Затем капните каплю воды на ломтик листа и накройте его крышным стеклом. Иммобилизуйте покровное стекло небольшими кусочками скотча с каждой стороны. Перенесите предметное стекло под конфокальный микроскоп с лазерным сканированием и используйте 10-кратную субъективную линзу для идентификации клеток с наилучшим сигналом.
Затем используйте объектив с 63-кратным увеличением для записи изображений для более детальных наблюдений. Кроме того, используйте соответствующие флуоресцентные вещества для возбуждения экспрессированных флуоресцентных белков. Сохраните все настройки, которые используются для получения изображений, чтобы обеспечить согласованность между экспериментами.
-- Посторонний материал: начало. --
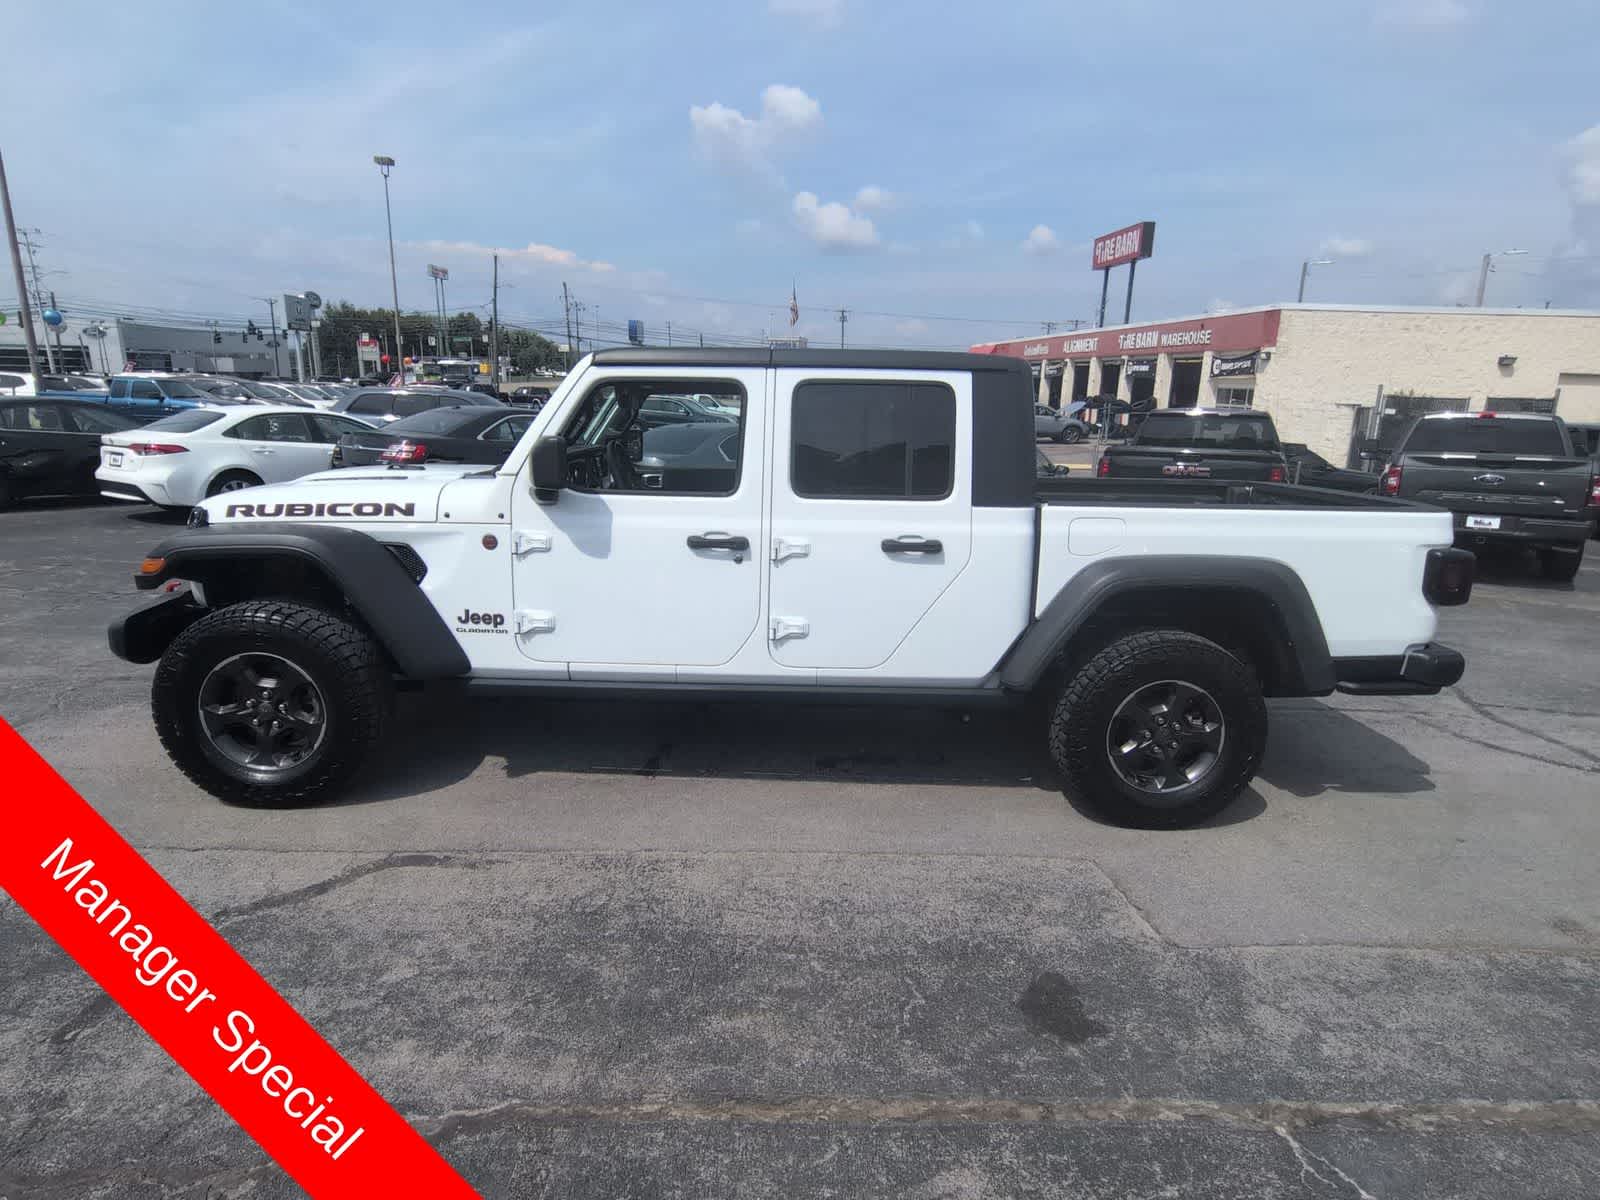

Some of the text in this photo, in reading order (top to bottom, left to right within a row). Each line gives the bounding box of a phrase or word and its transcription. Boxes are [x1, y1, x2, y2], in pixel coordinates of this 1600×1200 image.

[1115, 230, 1140, 258] BARN
[1063, 338, 1098, 353] ALIGNMENT
[1135, 330, 1158, 349] BARN
[1160, 329, 1212, 347] WAREHOUSE
[225, 502, 415, 518] RUBICON
[457, 608, 504, 628] Jeep
В среднем исследуйте от 100 до 120 клеток для каждого экспериментального условия. Диагностируйте локализацию исследуемых белков с помощью изображений с помощью конфокального микроскопа. Эти изображения иллюстрируют характерные паттерны локализации периферических точечных плазмодесмат, наблюдаемые для полноразмерного белка движения TMV, слитого с молекулой каргоа CFP, и для идентифицированного сигнала локализации плазмодесматы, слитого с CFP, а также для коэкспрессированного белка локализации плазмодесматы, PDCB1, слитого с DsRed.
В контрольных условиях плазмодесматы, нацеленные на полноразмерный белок движения TMV, слитый с CFP, и сигнал локализации в белке движения TMV, слитом с CFP, проявляются, как показано на рисунке, с субклеточной локализацией CFP и нуклеоцитоплазматической локализацией маркера DsRed2. Когда четвертая аминокислота, валин, мутирует в аланин, плазмодесматы, нацеленные как на полноразмерный белок движения TMV, так и на идентифицированный сигнал локализации в белке движения TMV, теряются. Это указывает на то, что этот остаток важен для локализации плазмодесматы, сигнальной структуры или функции.
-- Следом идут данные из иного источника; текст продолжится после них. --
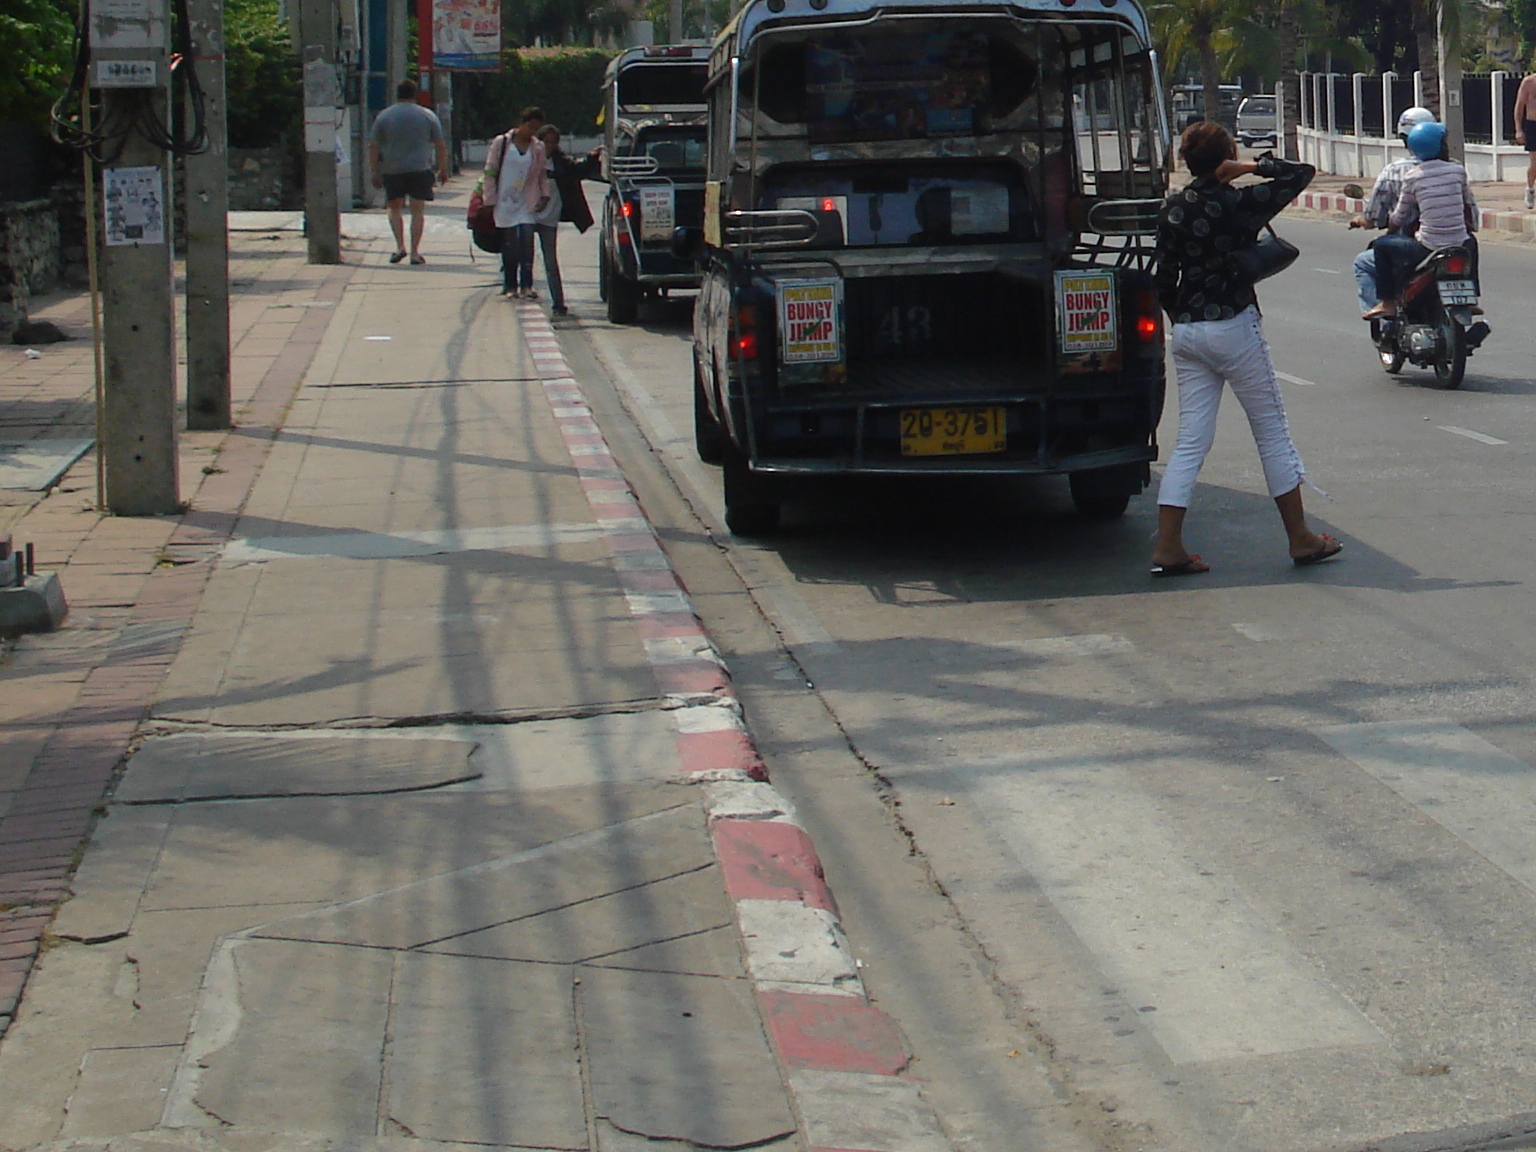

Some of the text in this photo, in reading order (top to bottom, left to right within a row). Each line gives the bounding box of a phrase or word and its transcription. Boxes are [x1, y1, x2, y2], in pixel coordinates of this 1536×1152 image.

[1066, 292, 1109, 311] BUNGY
[787, 302, 833, 321] BUNGY
[789, 321, 833, 341] JUMP
[1068, 311, 1110, 332] JUMP
После освоения этой техники ее можно закончить за 50 часов, если она выполнена правильно. Пытаясь выполнить эту процедуру, важно помнить, что растения должны быть в очень здоровом состоянии и находиться на правильной стадии листьев. После просмотра этого видео вы должны хорошо понимать не только то, как определить сигнал белка локализации плазмодесматы, но и знать, как идентифицировать другие определенные сигналы в растительных белках.
View the full transcript and gain access to thousands of scientific videos
Это исследование сосредоточено на выявлении сигналов локализации плазмодесм в целевых белках, которые имеют решающее значение для понимания межклеточных связей в растениях. Описанный метод является надежным и адаптируемым для обнаружения этих сигналов в различных белках, ориентированных на плазмодесмы.
Identifying plasmodesmata localization signals enables mechanistic de-risking of plant-based expression systems used in recombinant protein production. This approach supports target validation by clarifying subcellular trafficking pathways critical for biologics manufacturing in plant hosts. The method enhances predictive confidence in protein localization, informing go/no-go decisions for plant-derived therapeutic candidates.
The method fits within early discovery workflows where subcellular localization informs protein engineering and construct design for plant-based expression platforms.